健康

軽度の難聴でも補聴器の活用を


2013.03.30

補聴器は難聴を治療するものではなく、聴力を補うための医療器具で生活の質の意地や脳を活発に保つのにも役立つ。筑波大学教授の原晃(はら・あきら)さんは軽度の難聴であっても前向きに活用を検討してほしい、と言う。その理由とは——?

 

*  *  *

 

補聴器は難聴を治療するものではなく、聴力を補うための医療器具です。

 

補聴器には、胸のポケットに入れて使う「箱型」、イヤホンのようなものを耳の穴に入れ、本体を耳に掛けて使う「耳掛け型」、非常に小さく目立ちにくい「耳穴型」など、多様な種類があります。最近は、両方の耳に掛けて使うことで指向性を高め、音の方向などをわかるようにするタイプもあります。補聴器を購入する場合は、まず耳鼻咽喉科を受診して難聴の原因をはっきりさせ、本当に補聴器が必要かどうかを確認することが大切です。

 

◆補聴器が必要な場合とは

 

音の大きさを表す単位を「デシベル(dB)」といいます。

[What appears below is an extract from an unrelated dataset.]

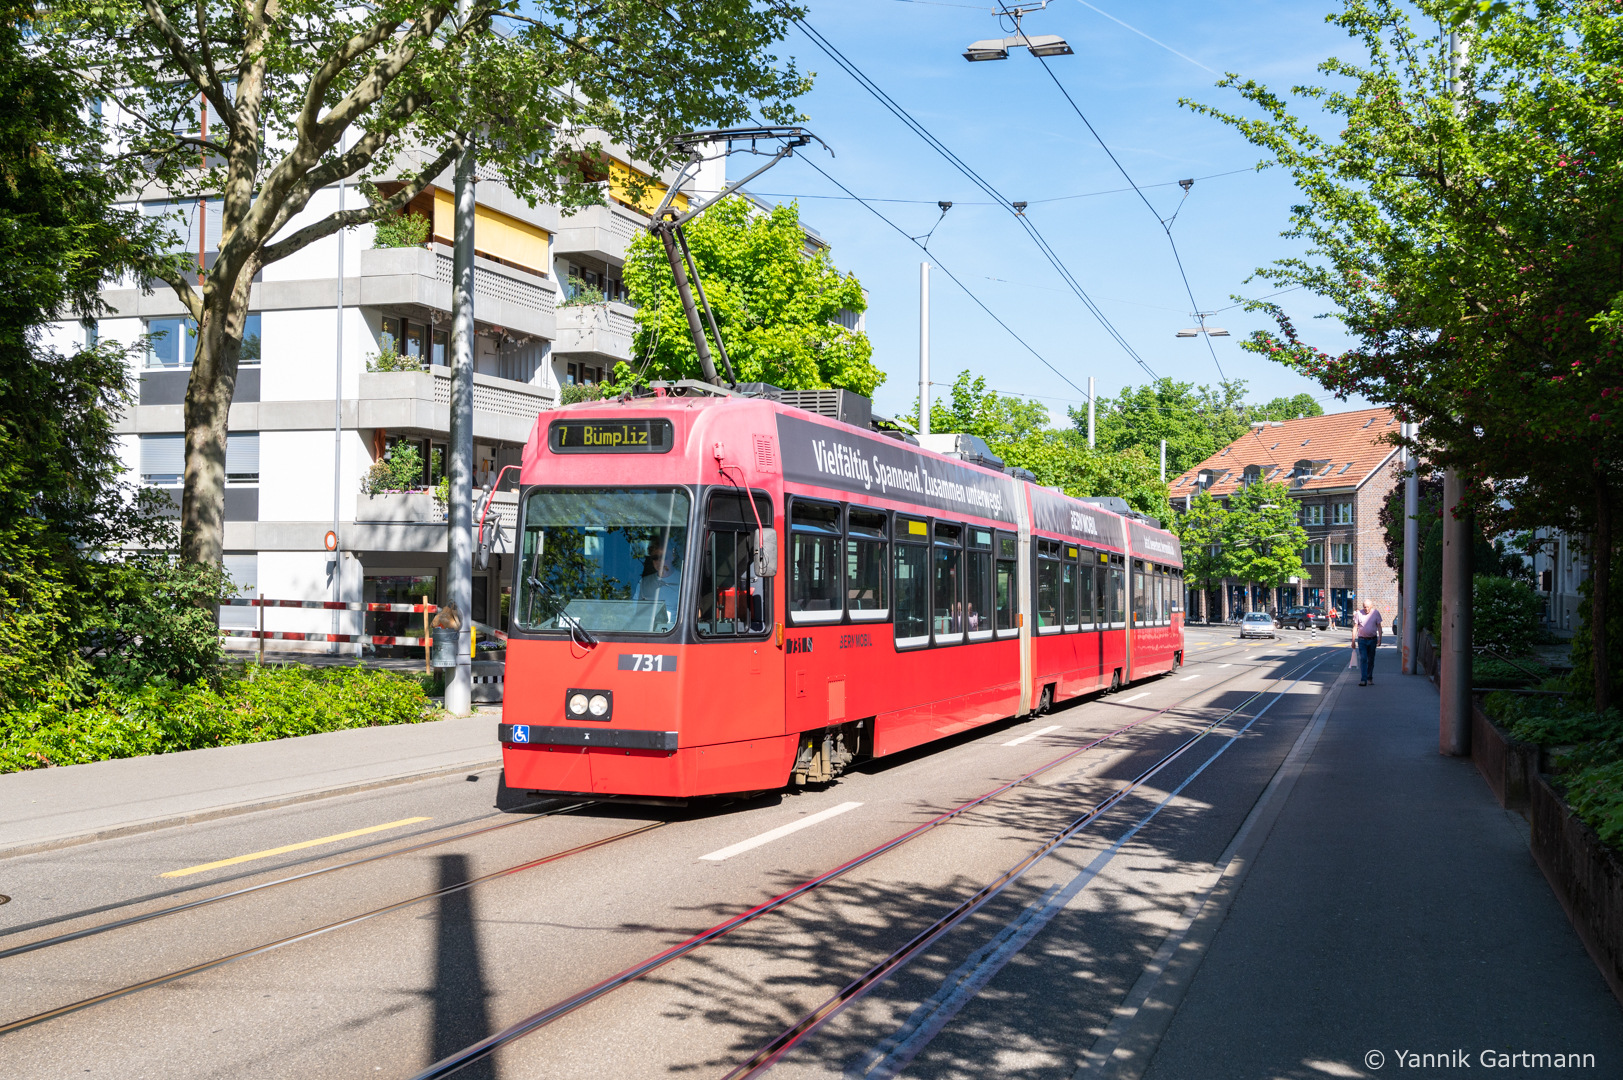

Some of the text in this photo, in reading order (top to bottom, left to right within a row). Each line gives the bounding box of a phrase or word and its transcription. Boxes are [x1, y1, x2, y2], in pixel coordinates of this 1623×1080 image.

[559, 425, 648, 447] 7 Bümpliz
[812, 439, 1004, 517] Vielfältig. Spannend. Zusammen unterwegs!
[632, 654, 663, 672] 731

どのくらいの音が聞こえないと難聴とされるかは、この値を目安にみることができます。

 

まず、小声の会話が聞こえる場合、聴力は正常と考えられます。小声の会話は聞こえないが、普通の大きさでの会話が聞こえる場合は、30〜50dB程度の音が聞こえる「軽度難聴」に分類されます。

 

普通の大きさでの会話は聞こえないが、大声だと聞こえる場合は、50〜70dB程度の音が聞こえる「中等度難聴」です。大声の会話でも聞こえず、耳元で大声で話してもらわないと聞こえない場合は、70〜90dB程度の大きさでないと聞こえない「高度難聴」とされます。

 

一般的には、聞こえる音の大きさが40〜45dB程度から補聴器が必要になります。軽度難聴の範囲内ですが、その中では聞こえが悪いほうに該当し、会話などに支障を来すことがあるためです。

 

補聴器の使用を考える目安は、日常生活の中にもあります。その1つに、女性アナウンサーの話が聞き取りにくいことがありますが、これは「加齢性難聴」が原因と考えられます。加齢性難聴の多くは、高音部の聴力から低下してきます。一般的に、女性は声が高く、アナウンサーは一般の人より話す速度が速いので、女性アナウンサーの声が聞き取りにくくなるのです。

 

◆難聴による影響はさまざま

 

補聴器を使うことに抵抗を感じる人もいると思いますが、聞こえの悪い状態では生活の質が低下してしまいます。

 

例えば、スムーズな会話ができなくなるので、家庭や社会で孤立しやすくなります。また、外出先では、自動車の音に気付きにくくなるなど、危険にさらされやすくなります。また、耳から入る情報が非常に少なくなるので、脳の活動が低下することもあります。

 

こうしたことを防ぐためにも、補聴器が必要になった場合は、前向きに活用を検討しましょう。